Mostly, I was in the lesson-teaching business, which I now believe to be a simplistic and largely unhelpful approach to changing behavior and providing public safety. I should have been focused on providing them with skills and better capacity to deal with their circumstances.
The best information regarding what works in changing the behavior of delinquent youth is to keep them out of court and out of placements. To this end, restorative justice programing can be a very effective tool that can be used by courts, police and communities to offer an alternative to the court appearance, investigation and probation that has been traditionally offered. Restorative justice is defined by the Center for Justice and Reconciliation as:
“A theory of justice that emphasizes repairing the harm created by criminal behavior. It is best accomplished through cooperative processes that include all stakeholders which can lead to the transformation of people, relationships, and communities.”

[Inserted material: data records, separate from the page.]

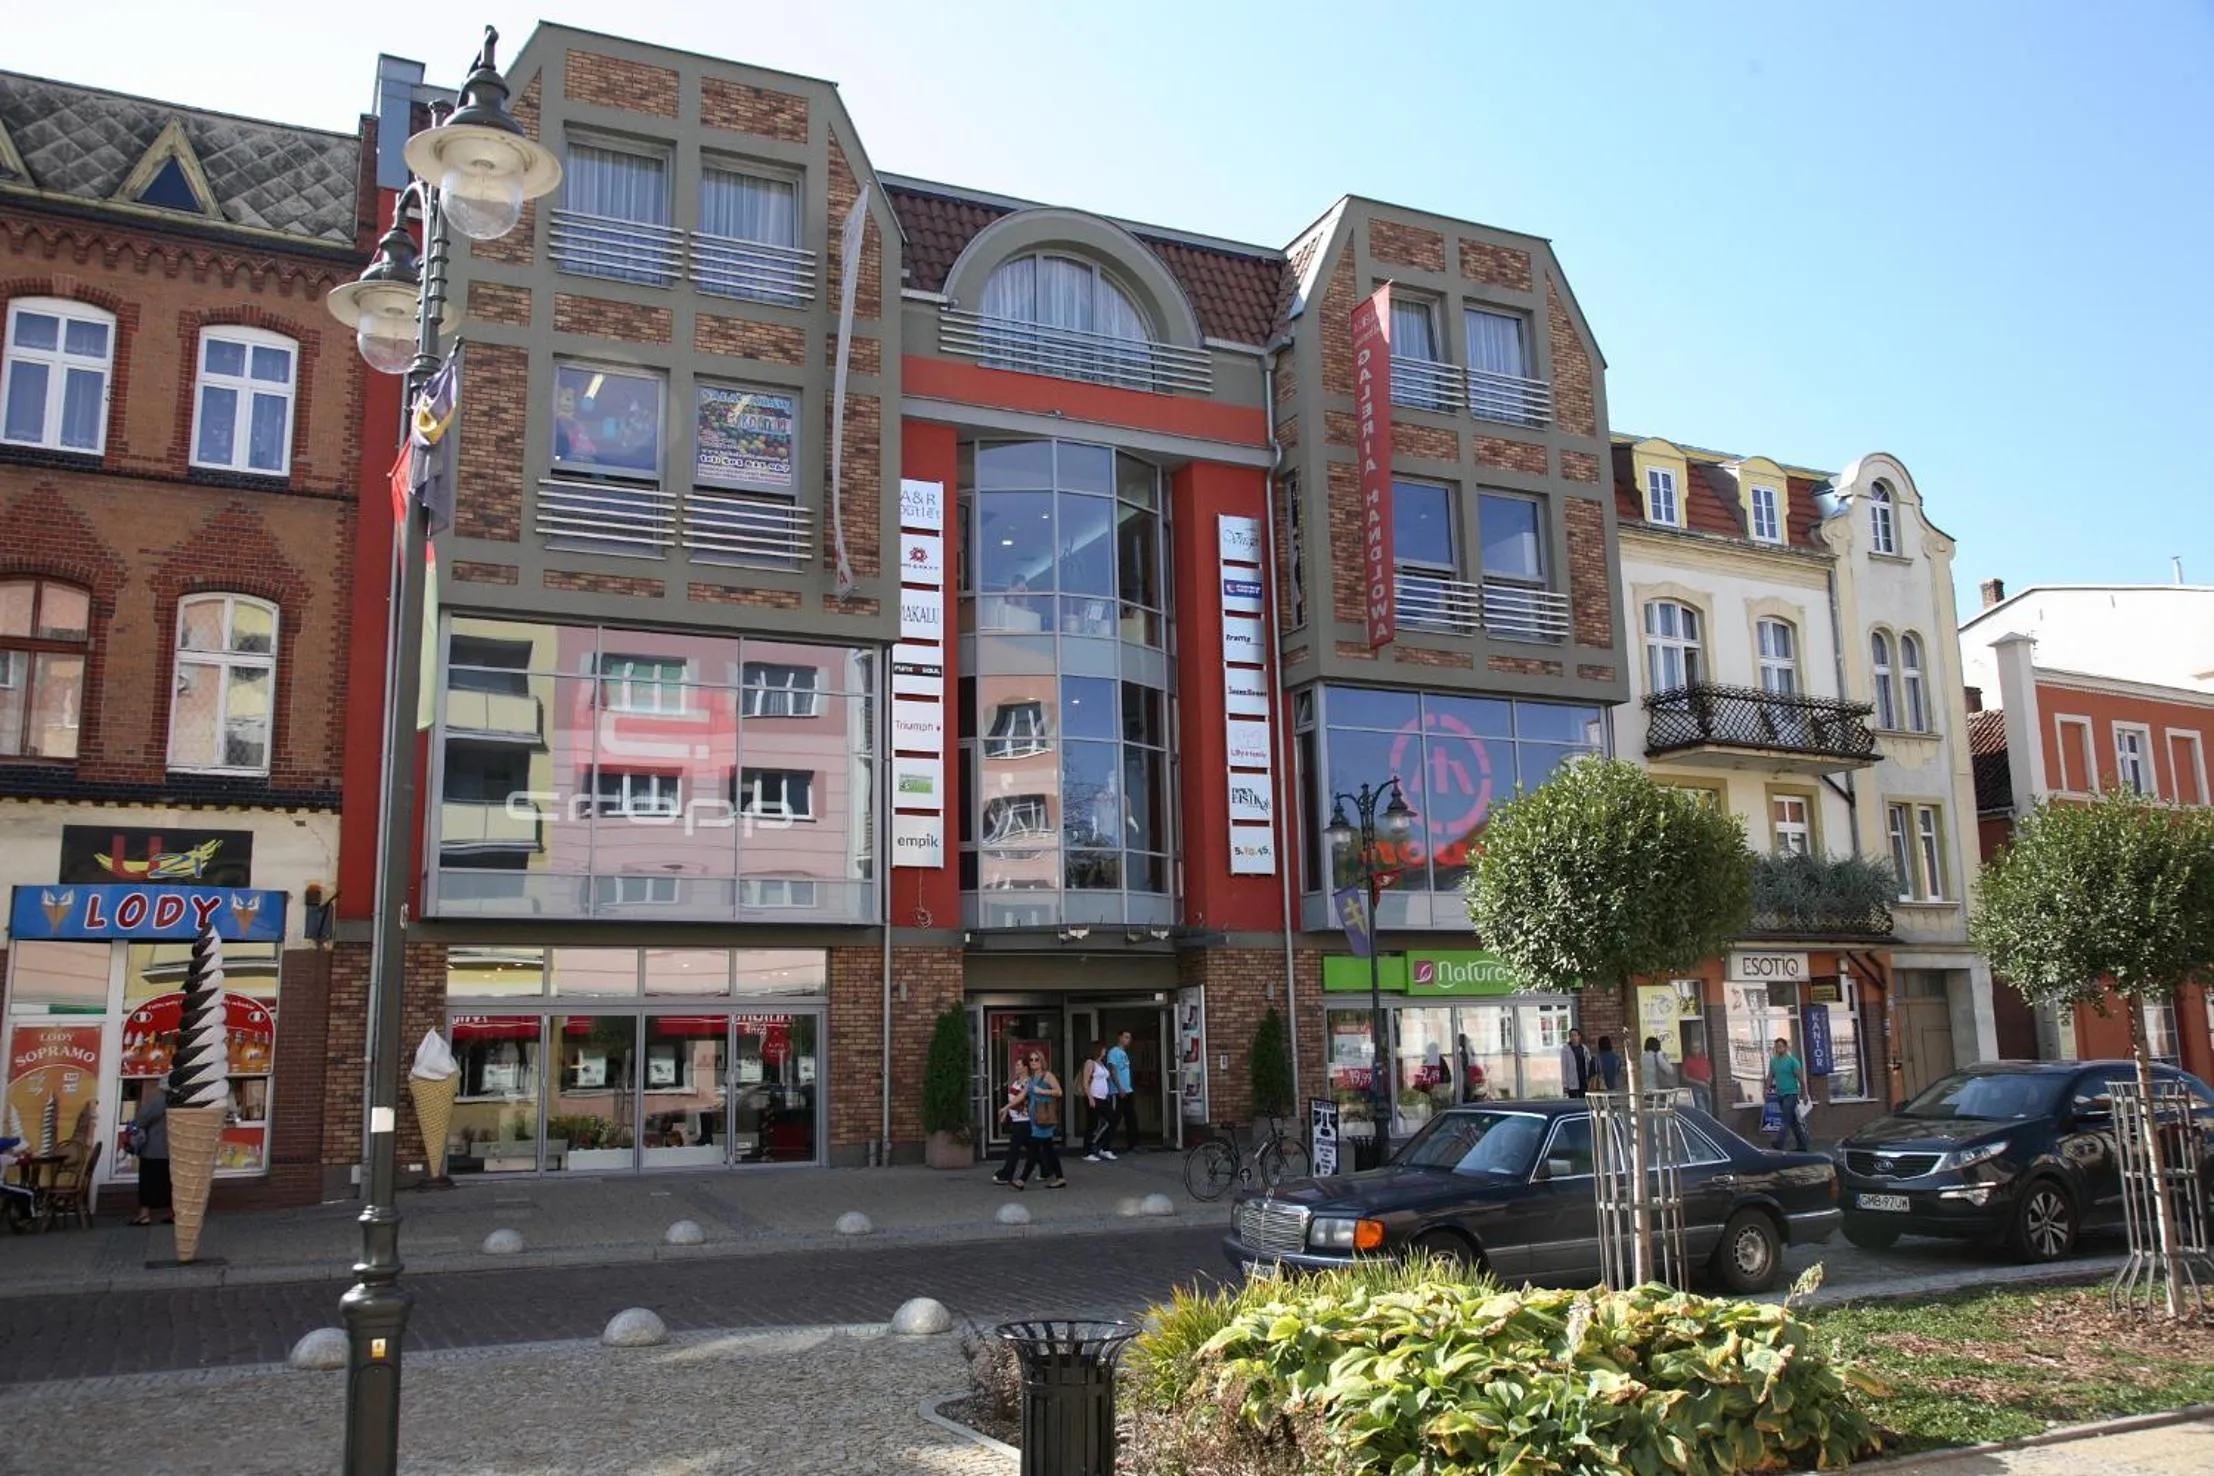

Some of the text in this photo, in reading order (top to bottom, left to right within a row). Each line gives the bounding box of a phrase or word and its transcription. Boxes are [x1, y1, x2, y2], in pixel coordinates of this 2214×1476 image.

[505, 790, 794, 838] cropp
[897, 833, 938, 849] empik
[85, 893, 222, 929] LODY
[1743, 956, 1799, 977] ESOTIQ
[1811, 1012, 1823, 1067] KANTOR
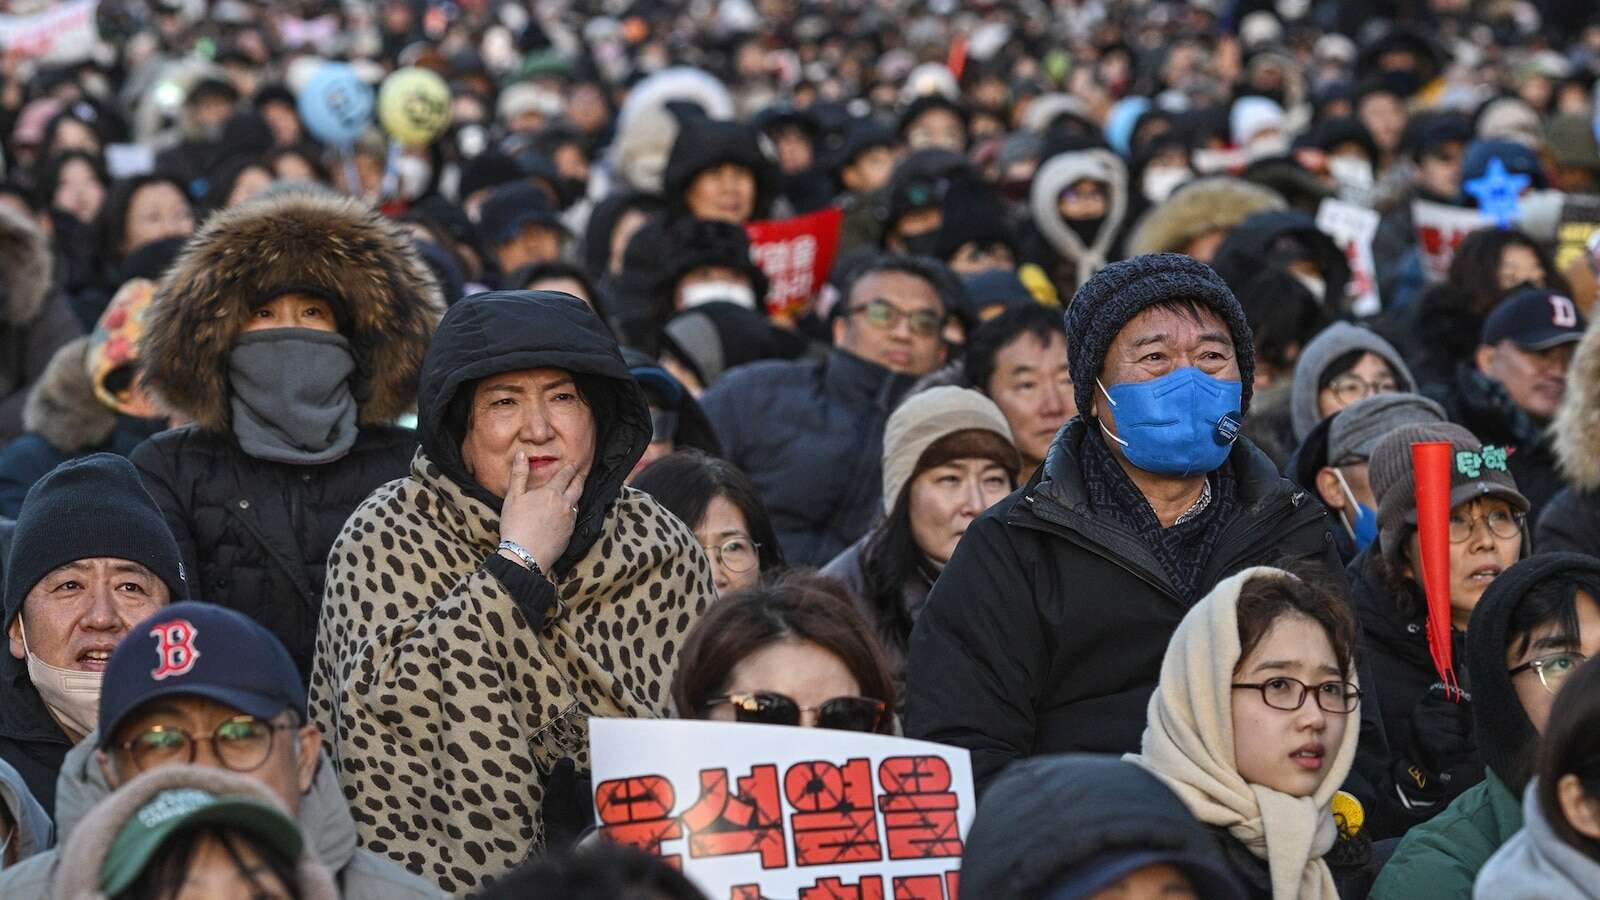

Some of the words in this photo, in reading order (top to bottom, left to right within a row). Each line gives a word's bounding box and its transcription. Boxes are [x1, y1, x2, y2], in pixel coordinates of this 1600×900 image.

[1548, 294, 1577, 327] D
[1456, 444, 1507, 478] 탄핵
[149, 618, 201, 681] B

In the 1980s and 1990s, the Norfolk, Virginia, Court Service Unit began to use restorative justice as a means to deal with their probation clientele. While this certainly had benefits, the impact and effectiveness of restorative justice could have had greater impact by using it as a diversion from traditional court/probation services. It brings all parts of the criminal justice system and the community together in an effort to focus on the child instead of the fulfillment of traditional justice system roles and responsibilities, which can take a protracted amount of time and be very frightening and confusing for low- to moderate-risk offenders.
Fairfax County, the county I represent in the state General Assembly, has introduced restorative justice into the diversion process. Virginia General Assembly authority was required to allow sharing information among the Fairfax County Juvenile and Domestic Relations District Court, Fairfax County Police Department, Fairfax City Police Department, Fairfax County Schools, Northern Virginia Mediation Service, Fairfax County Neighborhood and Community Services and other county agencies and nonprofits.
But it was not easy! The first time I introduced this legislation I was not aware that restorative justice was viewed negatively in the Virginia House of Delegates Courts Committee. While the measure moved easily through the Senate, this committee killed the bill based on a previous restorative justice effort that failed in the adult sector.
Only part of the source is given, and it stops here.